Work task:
Before repeating the entries below, strip out every picture and keep all else as it is.

:::::

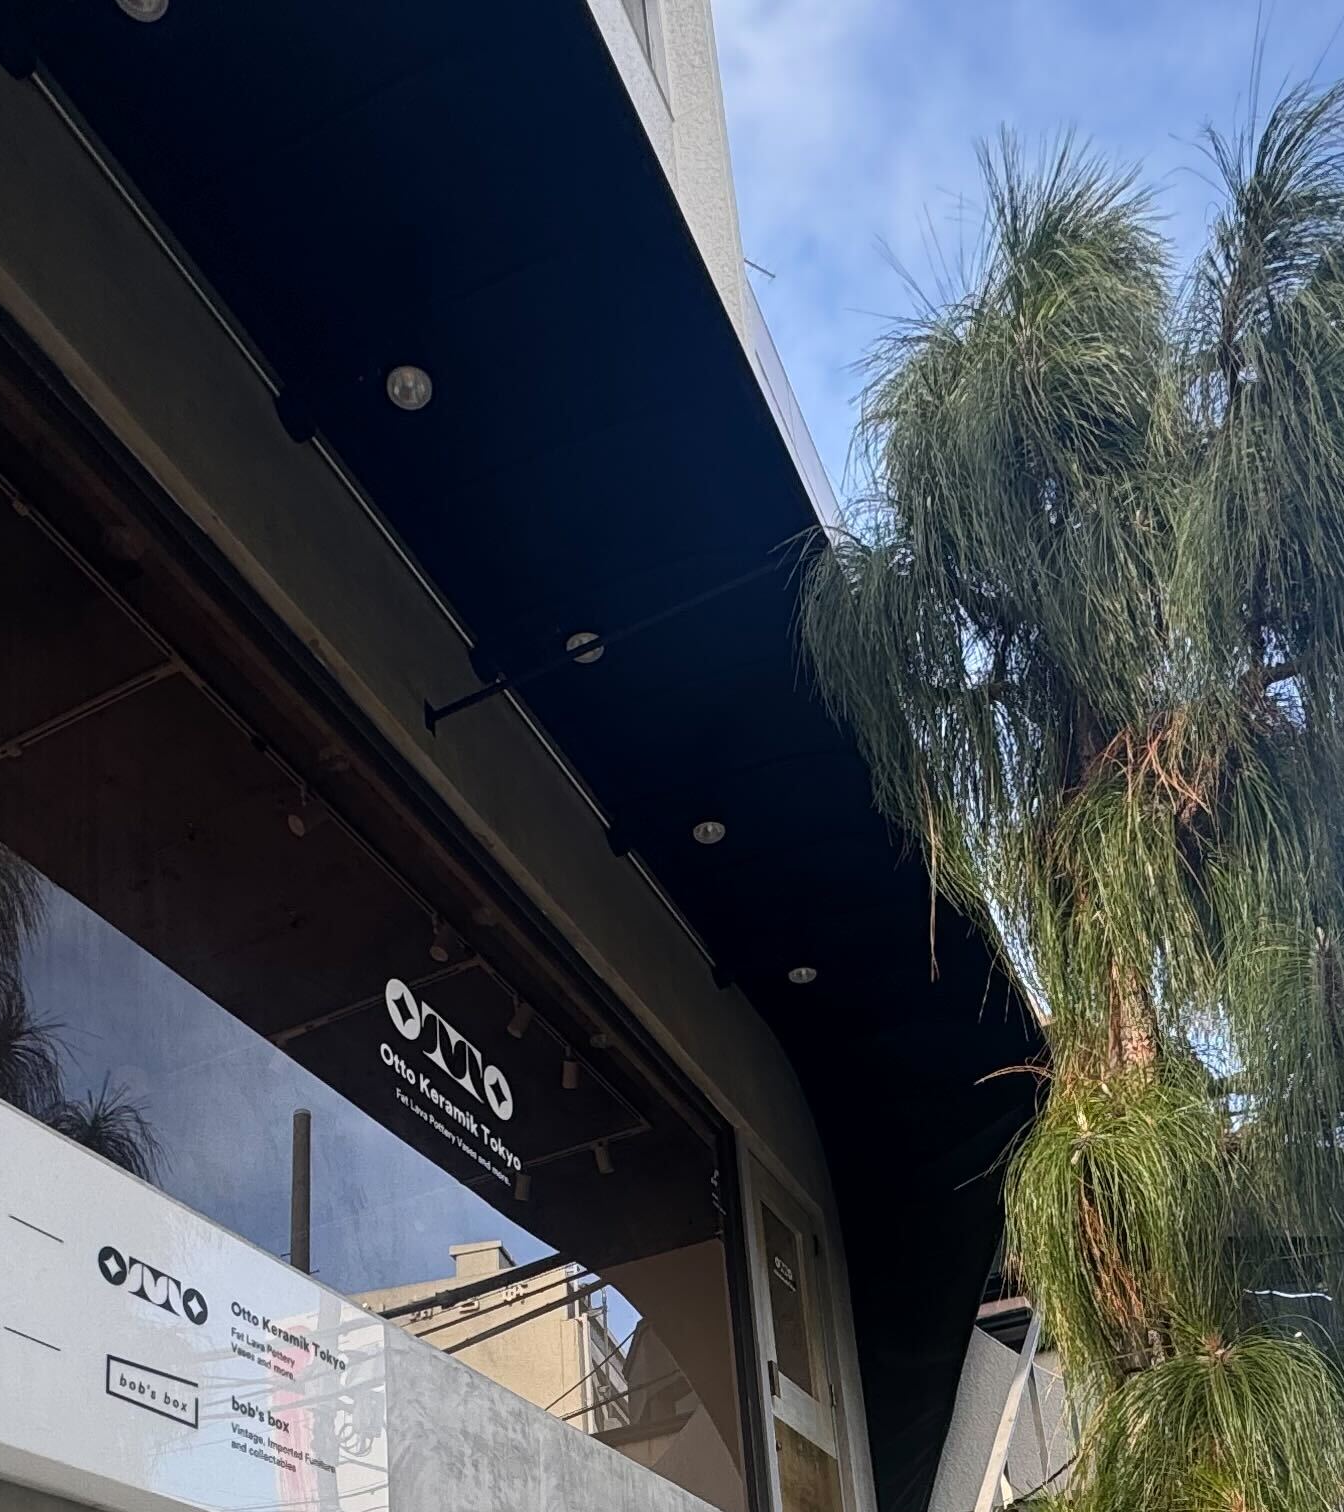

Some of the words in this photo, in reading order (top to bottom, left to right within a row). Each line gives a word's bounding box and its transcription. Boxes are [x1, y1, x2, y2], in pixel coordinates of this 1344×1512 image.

[385, 978, 513, 1121] OTTO
[380, 1043, 416, 1085] Otto
[419, 1072, 479, 1137] Keramik
[480, 1124, 521, 1171] Tokyo
[410, 1098, 428, 1121] Lava
[429, 1114, 456, 1144] Pottery
[98, 1246, 209, 1325] OTTO
[231, 1301, 260, 1326] Otto
[262, 1316, 311, 1353] Keramik
[312, 1341, 346, 1371] Tokyo
[231, 1327, 244, 1342] Fat
[246, 1334, 265, 1352] Lava
[267, 1344, 295, 1368] Pottery
[231, 1342, 255, 1361] Vases
[257, 1356, 272, 1369] and
[119, 1373, 157, 1400] bob's
[163, 1392, 188, 1412] box
[231, 1395, 265, 1422] bob's
[267, 1410, 290, 1433] box
[231, 1440, 247, 1453] and
[249, 1448, 297, 1473] collectables
[267, 1438, 303, 1461] Imported
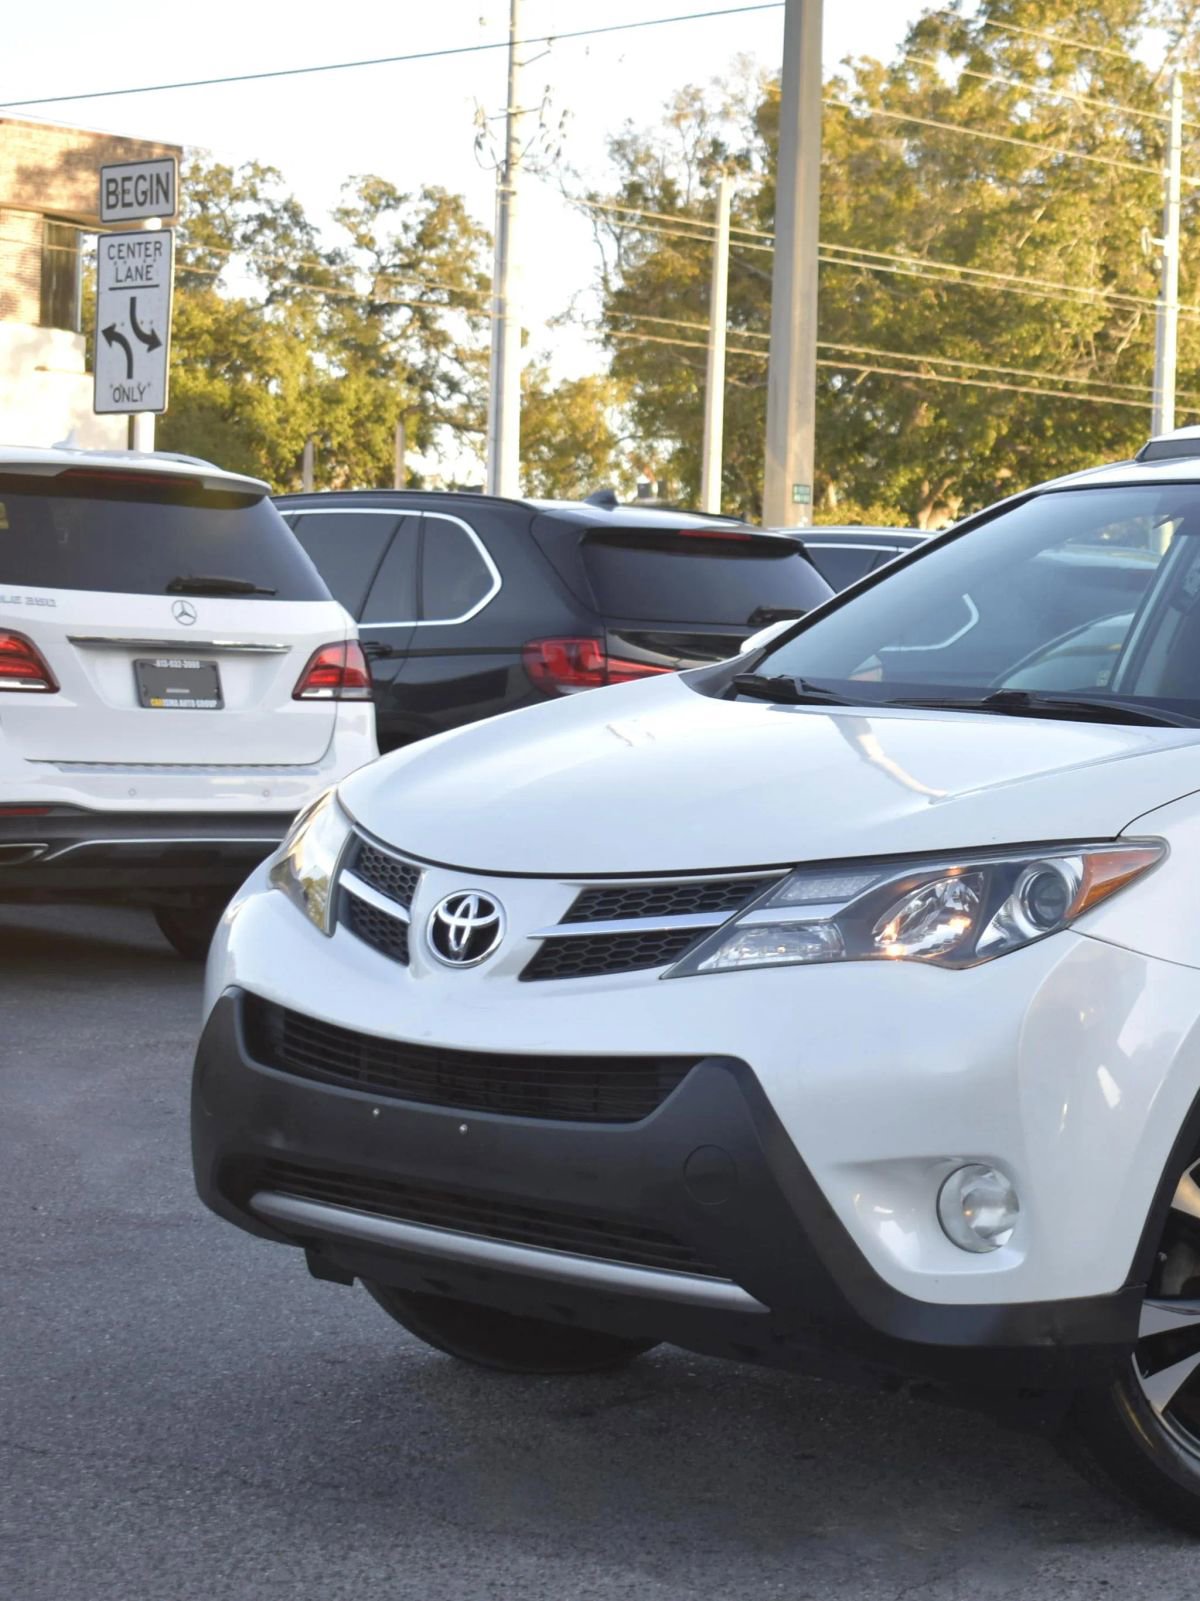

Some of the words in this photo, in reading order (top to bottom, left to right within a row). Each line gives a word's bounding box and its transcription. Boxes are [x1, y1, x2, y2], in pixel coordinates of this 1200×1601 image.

[105, 171, 170, 210] BEGIN
[107, 240, 163, 261] CENTER
[115, 264, 154, 283] LANE
[112, 385, 147, 404] ONLY

:::::

Output of the task:
Some of the words in this photo, in reading order (top to bottom, left to right within a row). Each line gives a word's bounding box and its transcription. Boxes are [x1, y1, x2, y2], in pixel coordinates of this 1344×1512 image.

[385, 978, 513, 1121] OTTO
[380, 1043, 416, 1085] Otto
[419, 1072, 479, 1137] Keramik
[480, 1124, 521, 1171] Tokyo
[410, 1098, 428, 1121] Lava
[429, 1114, 456, 1144] Pottery
[98, 1246, 209, 1325] OTTO
[231, 1301, 260, 1326] Otto
[262, 1316, 311, 1353] Keramik
[312, 1341, 346, 1371] Tokyo
[231, 1327, 244, 1342] Fat
[246, 1334, 265, 1352] Lava
[267, 1344, 295, 1368] Pottery
[231, 1342, 255, 1361] Vases
[257, 1356, 272, 1369] and
[119, 1373, 157, 1400] bob's
[163, 1392, 188, 1412] box
[231, 1395, 265, 1422] bob's
[267, 1410, 290, 1433] box
[231, 1440, 247, 1453] and
[249, 1448, 297, 1473] collectables
[267, 1438, 303, 1461] Imported

Some of the words in this photo, in reading order (top to bottom, left to right within a row). Each line gives a word's bounding box and its transcription. Boxes are [x1, y1, x2, y2], in pixel coordinates of this 1200×1601 image.

[105, 171, 170, 210] BEGIN
[107, 240, 163, 261] CENTER
[115, 264, 154, 283] LANE
[112, 385, 147, 404] ONLY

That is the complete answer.